One is peanut hummus, a tasty twist on the Middle Eastern dip that’s rich with chickpeas.

To give it a peanutty taste, instead of using tahini (sesame-seed paste), the hummus is instead flavoured with a little peanut butter, peanut oil and a garnish of chopped, roasted peanuts. It makes a nice appetizer to serve with bread, crackers or pita bread. It could also be a side dish for grilled meats, such as chicken or lamb kebabs.

Next on my what-can-you-do-with-list is a simple soup, deliciousl­y flavoured Indian-style.

To make it, onion, ginger and garlic are sautéed until tender and then stimulatin­gly flavoured with Madras-style curry paste. In go some chickpeas, diced potato and stock, and you simmer away until the potatoes are tender. You then purée and end up with a pleasingly smooth, very tasty soup that you top with a dollop of tangy yogurt and crunchy almonds. Serve with warm naan bread for lunch or a light dinner.

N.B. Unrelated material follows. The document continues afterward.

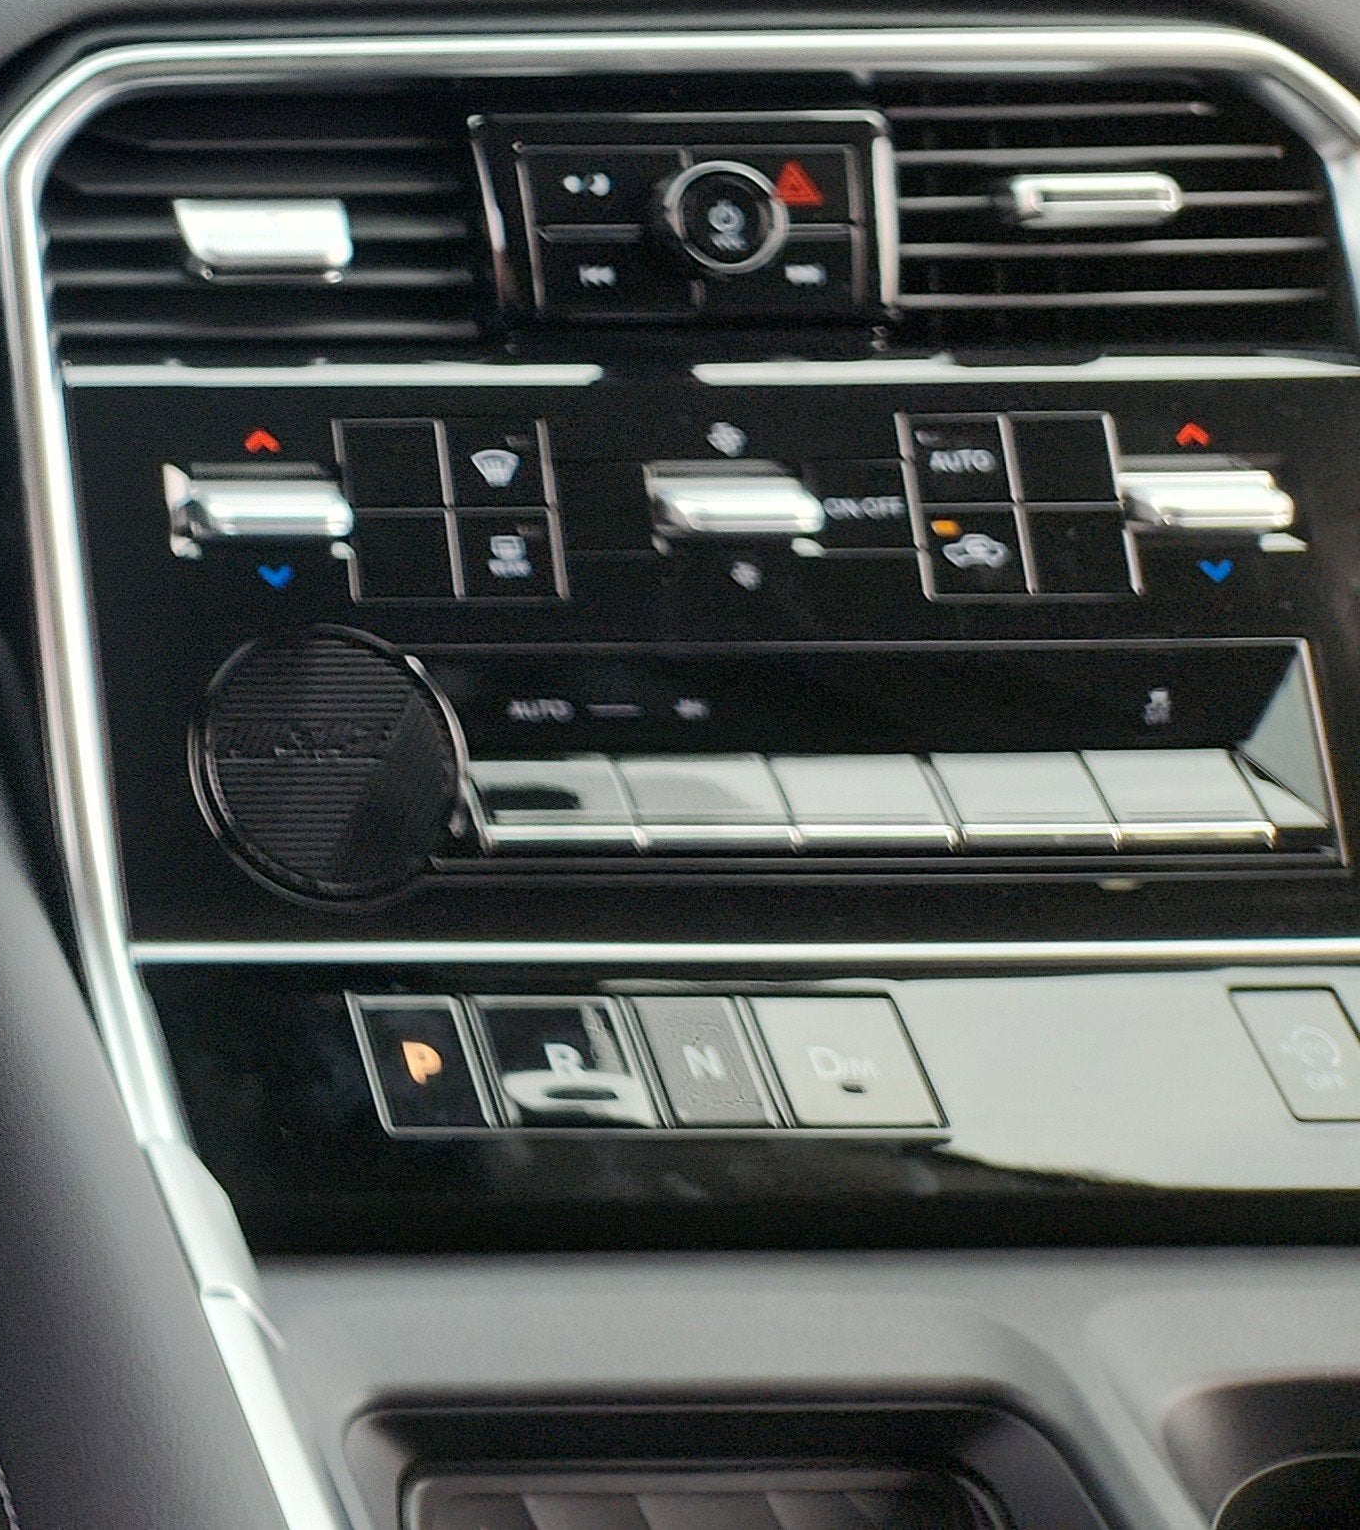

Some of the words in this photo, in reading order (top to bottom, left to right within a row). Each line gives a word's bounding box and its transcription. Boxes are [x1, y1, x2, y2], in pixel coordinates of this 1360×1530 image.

[929, 449, 996, 473] AUTO
[401, 1041, 442, 1085] P
[681, 1045, 723, 1079] N

From soup, we move on to a salad strewn with chickpeas. To make it, canned chickpeas are added to a Greek salad-like mixture. When ready to serve, the salad is spooned over lettuce and decorated with bits of feta cheese. This salad would make a nice meal served with focaccia bread and perhaps a glass of Greek wine.

My last chickpea recipe is a vegetarian, North African-style stew from my bestsellin­g book Everyone Can Cook Slow Cooker Meals. It’s one of my favourites dishes in that tome and contains a lively mix of flavours, such as lemon, apricots, cumin and cayenne. Serve the stew over couscous to create a nice fall supper.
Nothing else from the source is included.